BEGIN RECORDS TO PROCESS

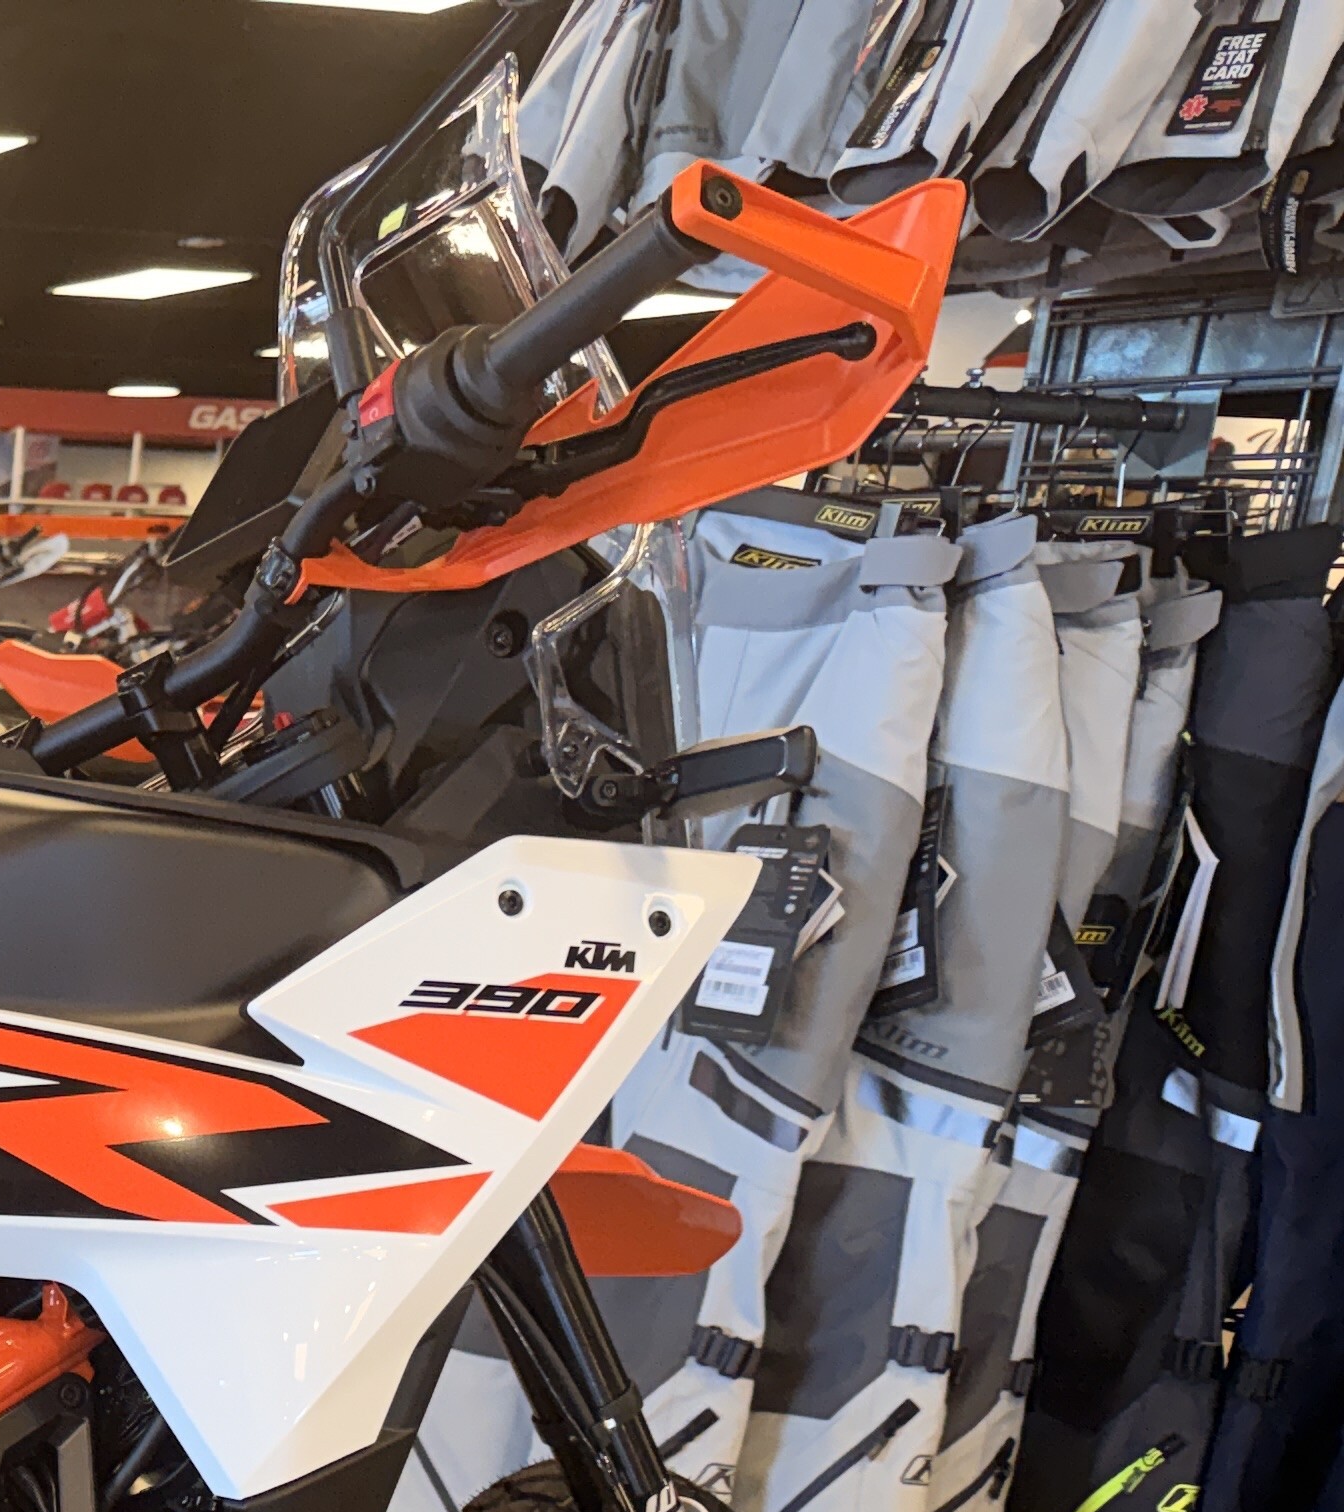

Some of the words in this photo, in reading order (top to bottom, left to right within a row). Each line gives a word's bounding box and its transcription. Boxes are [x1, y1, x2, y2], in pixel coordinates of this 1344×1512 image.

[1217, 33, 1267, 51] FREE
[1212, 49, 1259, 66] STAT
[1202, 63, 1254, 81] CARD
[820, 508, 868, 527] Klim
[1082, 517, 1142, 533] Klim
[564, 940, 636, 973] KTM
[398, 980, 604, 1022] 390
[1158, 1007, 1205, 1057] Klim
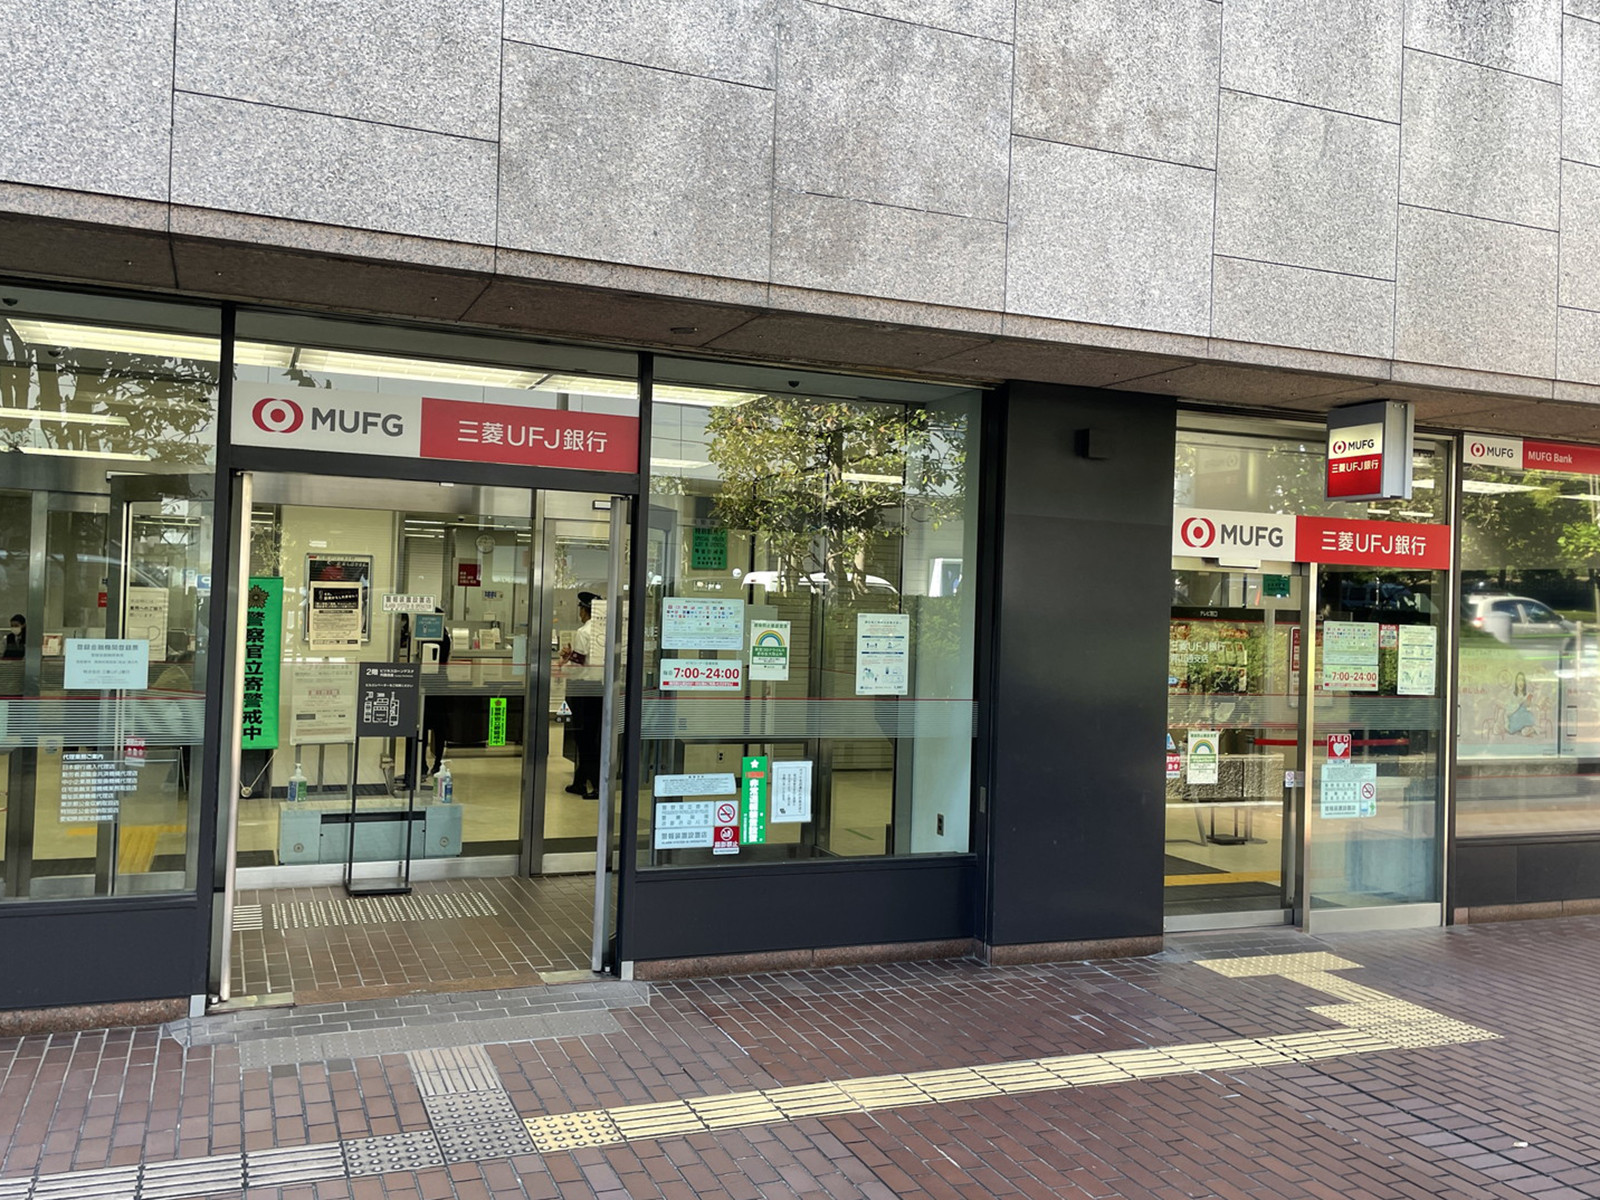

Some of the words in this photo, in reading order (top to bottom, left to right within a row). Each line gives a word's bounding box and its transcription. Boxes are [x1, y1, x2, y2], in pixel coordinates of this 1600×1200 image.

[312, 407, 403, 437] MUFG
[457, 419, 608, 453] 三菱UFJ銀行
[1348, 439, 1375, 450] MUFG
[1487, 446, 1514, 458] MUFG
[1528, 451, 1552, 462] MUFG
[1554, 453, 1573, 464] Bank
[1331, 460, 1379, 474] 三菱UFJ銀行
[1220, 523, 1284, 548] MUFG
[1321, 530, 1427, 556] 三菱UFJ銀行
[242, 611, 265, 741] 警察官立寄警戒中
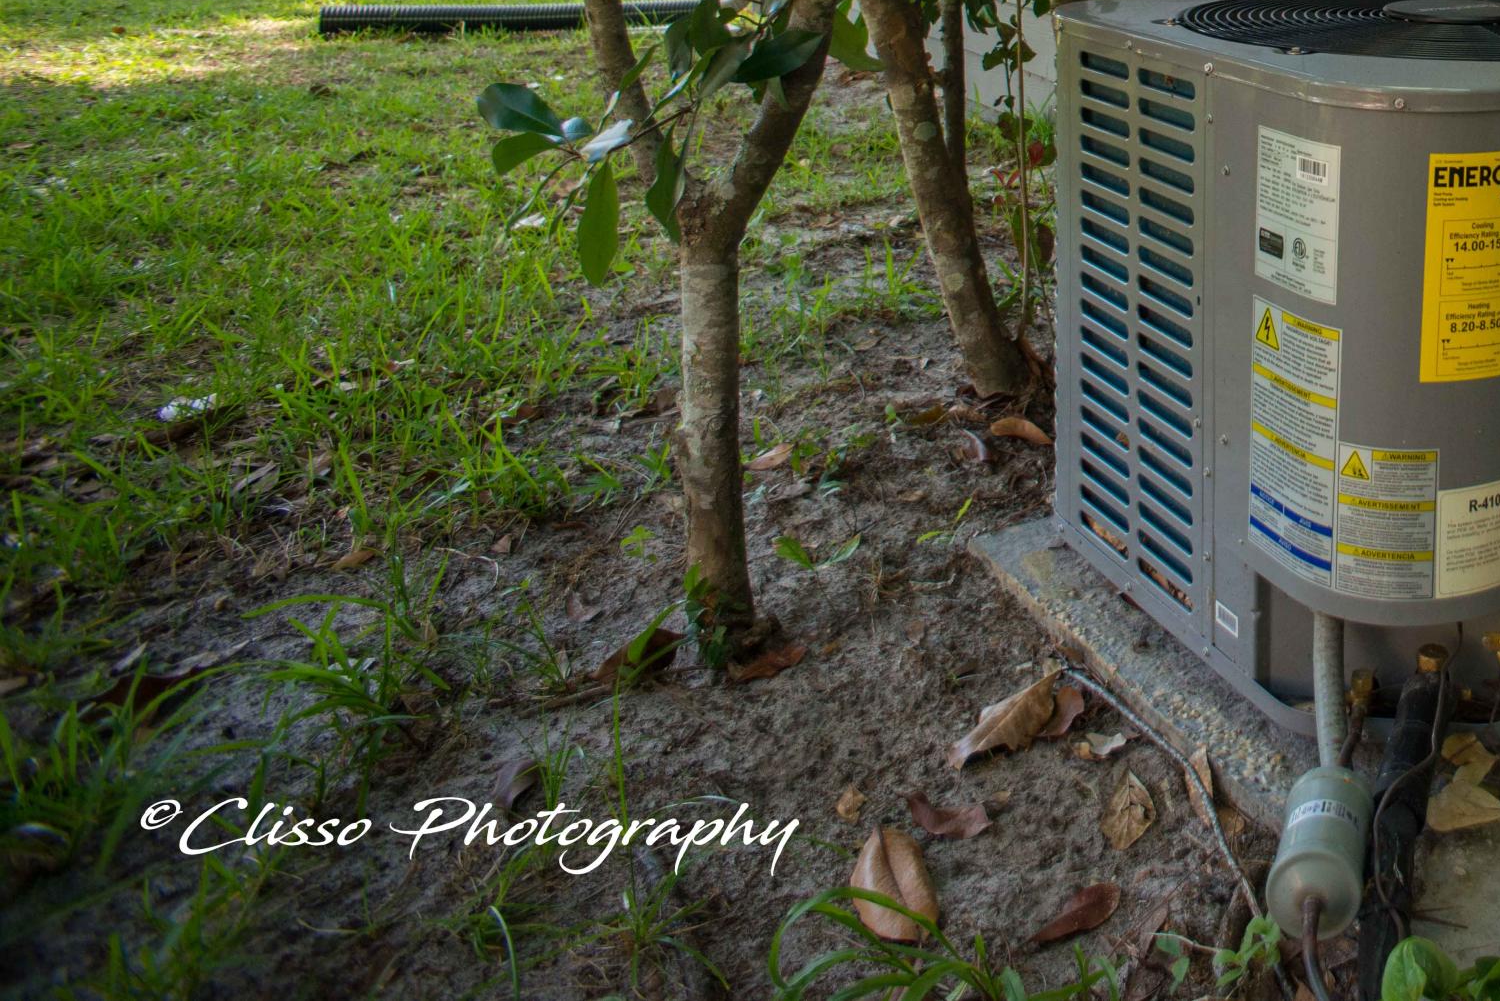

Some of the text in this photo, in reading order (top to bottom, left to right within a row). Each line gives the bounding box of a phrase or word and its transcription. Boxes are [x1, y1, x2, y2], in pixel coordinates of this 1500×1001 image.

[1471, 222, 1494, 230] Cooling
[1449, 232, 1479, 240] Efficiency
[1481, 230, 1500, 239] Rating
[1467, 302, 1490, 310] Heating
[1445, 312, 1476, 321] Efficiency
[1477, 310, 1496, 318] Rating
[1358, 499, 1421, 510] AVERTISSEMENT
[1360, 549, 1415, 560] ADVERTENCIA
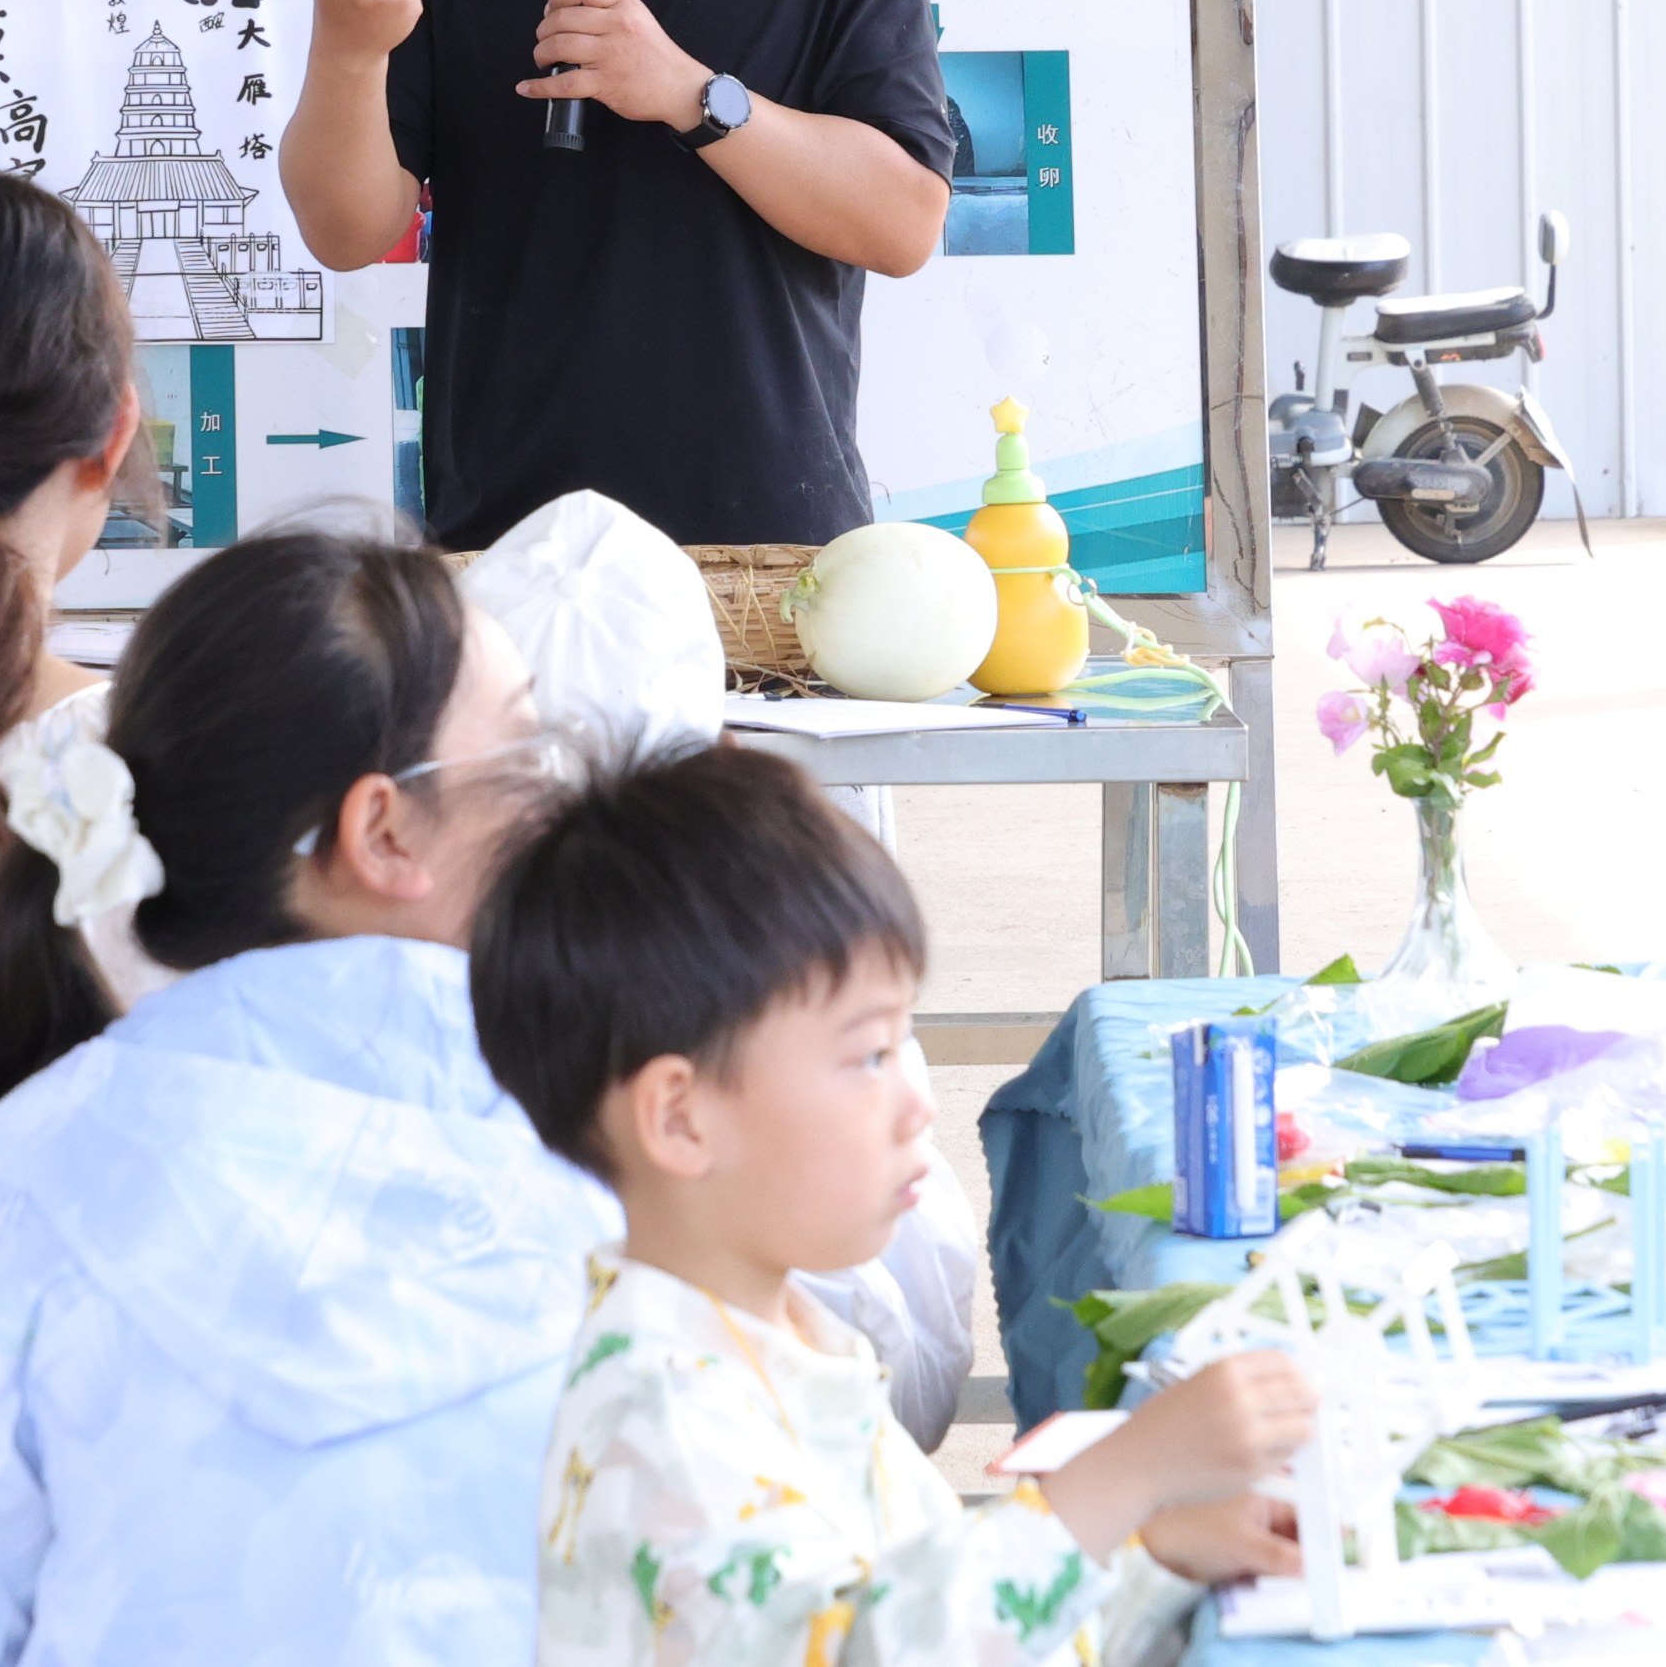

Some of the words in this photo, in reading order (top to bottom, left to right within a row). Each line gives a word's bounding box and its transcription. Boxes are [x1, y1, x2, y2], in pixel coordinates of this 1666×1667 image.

END RECORDS TO PROCESS

Down to the last line, set down the data above exactly, and omit all images.

» YOUR RESPONSE
Some of the words in this photo, in reading order (top to bottom, left to right within a row). Each line gives a word's bounding box and its transcription. Boxes are [x1, y1, x2, y2], in pixel coordinates of this 1344×1512 image.

[1217, 33, 1267, 51] FREE
[1212, 49, 1259, 66] STAT
[1202, 63, 1254, 81] CARD
[820, 508, 868, 527] Klim
[1082, 517, 1142, 533] Klim
[564, 940, 636, 973] KTM
[398, 980, 604, 1022] 390
[1158, 1007, 1205, 1057] Klim

Some of the words in this photo, in reading order (top to bottom, left to right within a row). Each line gives a word's bounding box and its transcription. Boxes are [x1, y1, x2, y2], in pixel coordinates of this 1600×1200 image.

[312, 407, 403, 437] MUFG
[457, 419, 608, 453] 三菱UFJ銀行
[1348, 439, 1375, 450] MUFG
[1487, 446, 1514, 458] MUFG
[1528, 451, 1552, 462] MUFG
[1554, 453, 1573, 464] Bank
[1331, 460, 1379, 474] 三菱UFJ銀行
[1220, 523, 1284, 548] MUFG
[1321, 530, 1427, 556] 三菱UFJ銀行
[242, 611, 265, 741] 警察官立寄警戒中

Some of the text in this photo, in reading order (top to bottom, left to right within a row). Each line gives the bounding box of a phrase or word and its transcription. Boxes are [x1, y1, x2, y2], in pixel coordinates of this 1500×1001 image.

[1471, 222, 1494, 230] Cooling
[1449, 232, 1479, 240] Efficiency
[1481, 230, 1500, 239] Rating
[1467, 302, 1490, 310] Heating
[1445, 312, 1476, 321] Efficiency
[1477, 310, 1496, 318] Rating
[1358, 499, 1421, 510] AVERTISSEMENT
[1360, 549, 1415, 560] ADVERTENCIA

Some of the words in this photo, in reading order (top to bottom, left to right within a row). Each line gives a word's bounding box and its transcription. Boxes are [x1, y1, x2, y2], in pixel coordinates of this 1666×1667 image.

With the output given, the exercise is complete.